Hay judíos piadosos
e ilustrados que reconocen en Jesús un rabino excepcional, de una profunda
sabiduría y santidad. De un modo coherente manifiestan también que fue un gran error y
una injusticia su condena a muerte. Pero
no por ello son cristianos; siguen siendo judíos porque no aceptan que Jesús
haya resucitado y que sea el Señor, Hijo de Dios.
El núcleo de la
fe cristiana está en esas palabras dirigidas en adoración al mismo Jesús: ¡Jesús, Señor! Palabras que no pueden decirse de corazón si
no actúa el Espíritu Santo. Es tarea inmediata
del Divino Paráclito en las almas el hacerles identificar de un modo casi palpable
las otras dos divinas Personas, con esas dos invocaciones que nos sitúan íntimamente
ante Dios: Abba, Padre y Jesús, Señor.
El Papa
Francisco ha vuelto a recordar que “no hay cristianismo sin Cristo”.
Reducir el
cristianismo a una serie de normas, reglas, mandatos, prohibiciones, como si sólo
de un código de conducta se tratara, supone perder de vista el origen, el
sentido y el fin de toda nuestra vida, que es Cristo Jesús. El Santo Padre
en una de sus misas diarias en Santa Marta ha dicho: "Pero, padre, ¿cuál es
la regla para ser cristianos con Cristo, y no convertirse en cristianos sin Cristo?
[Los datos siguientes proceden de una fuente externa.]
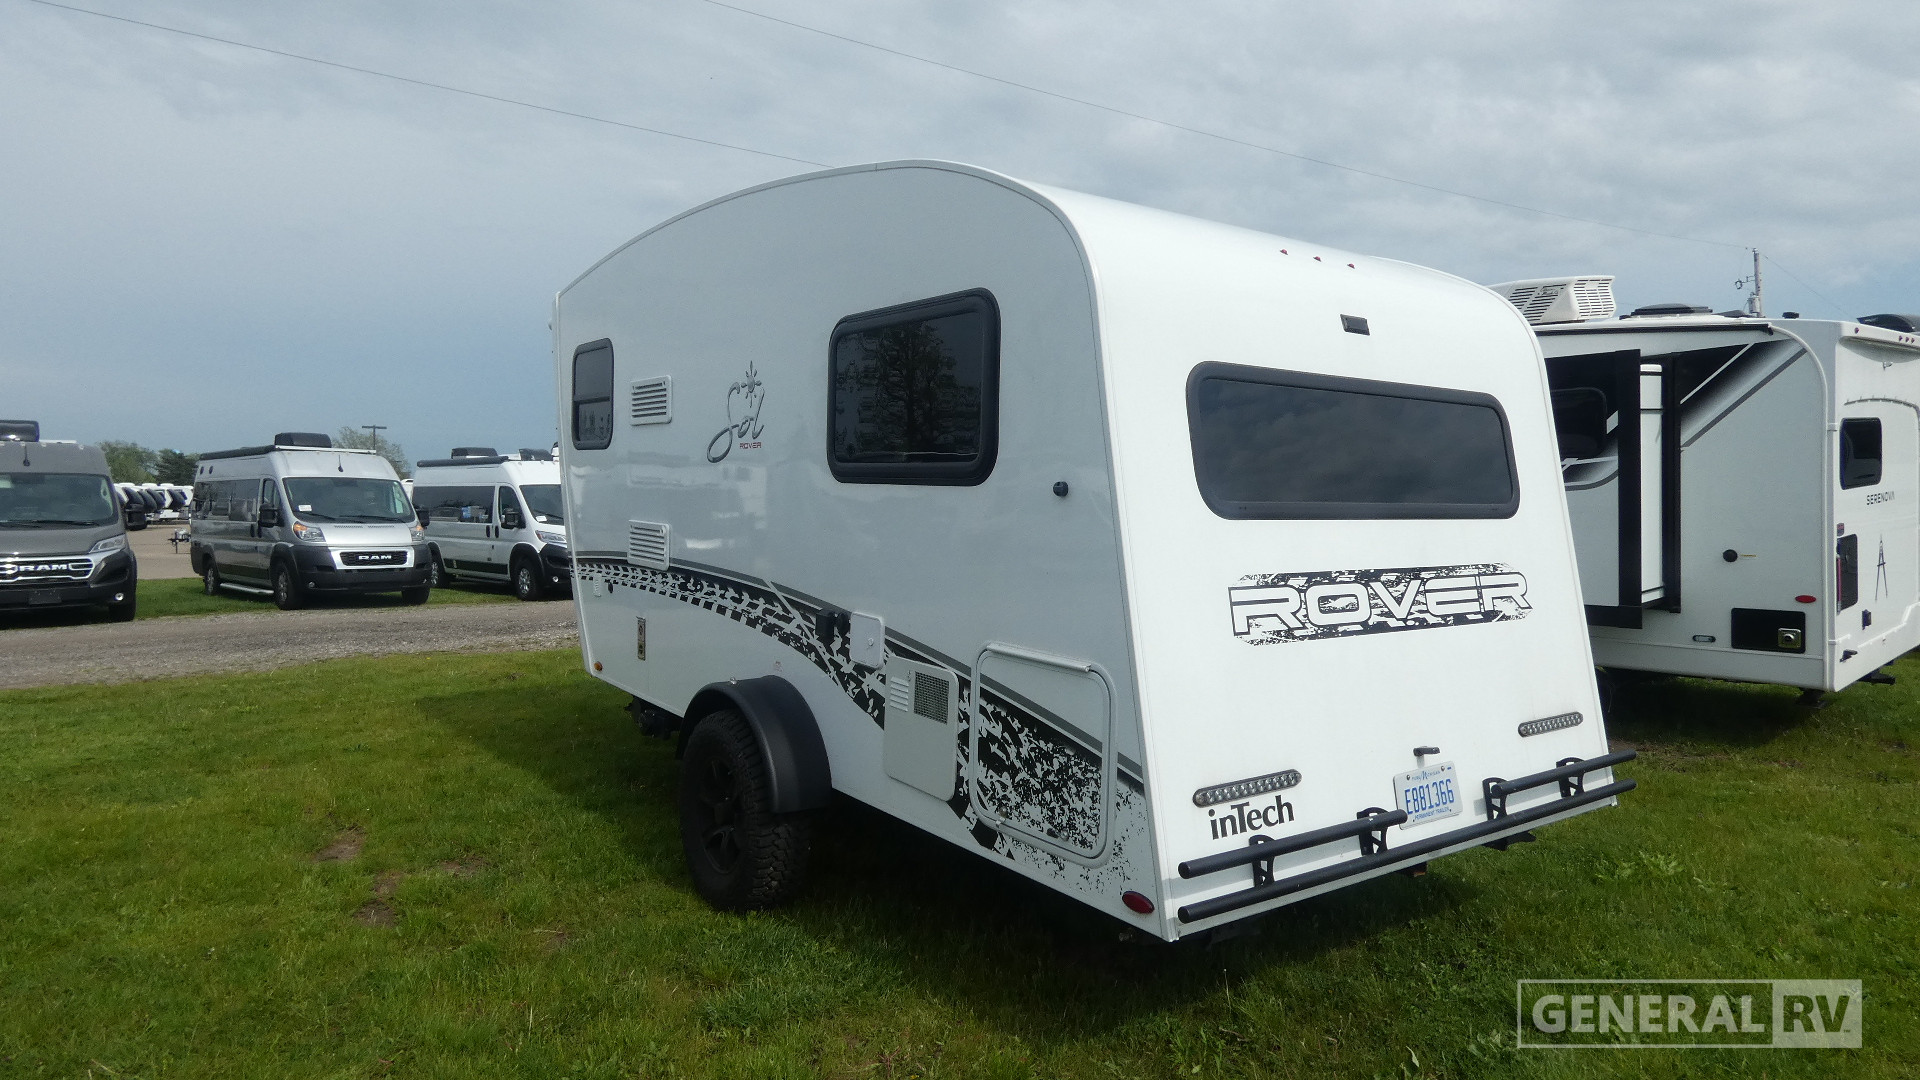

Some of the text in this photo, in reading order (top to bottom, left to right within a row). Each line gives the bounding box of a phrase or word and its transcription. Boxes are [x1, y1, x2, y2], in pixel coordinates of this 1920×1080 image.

Y ¿cuál es la señal de que una persona es un cristiano con Cristo?". La
regla es simple: solo es válido aquello que te lleva a Jesús, y solo es válido
aquello que viene de Jesús. Jesús es el centro, el Señor, como Él mismo dice.
¿Esto te lleva a Jesús? Va adelante. Este mandamiento, esta actitud ¿vienen de
Jesús? Va adelante. Pero si no te lleva a Jesús y si no viene de Jesús, pero…
no se sabe, es un poco peligroso”.
Ese Jesús vive en su
Iglesia. Se ofrece vivo en la Eucaristía celebrada en la Iglesia. Nos habla en
la Sagrada Escritura leída en la Iglesia. Nos perdona en el Sacramento del Perdón
administrado por la Iglesia. Nos guía a través de sus Pastores en la Iglesia.
Nos guía también desde el interior de nuestras almas cuando vivimos en comunión
con toda la Iglesia.
J.S.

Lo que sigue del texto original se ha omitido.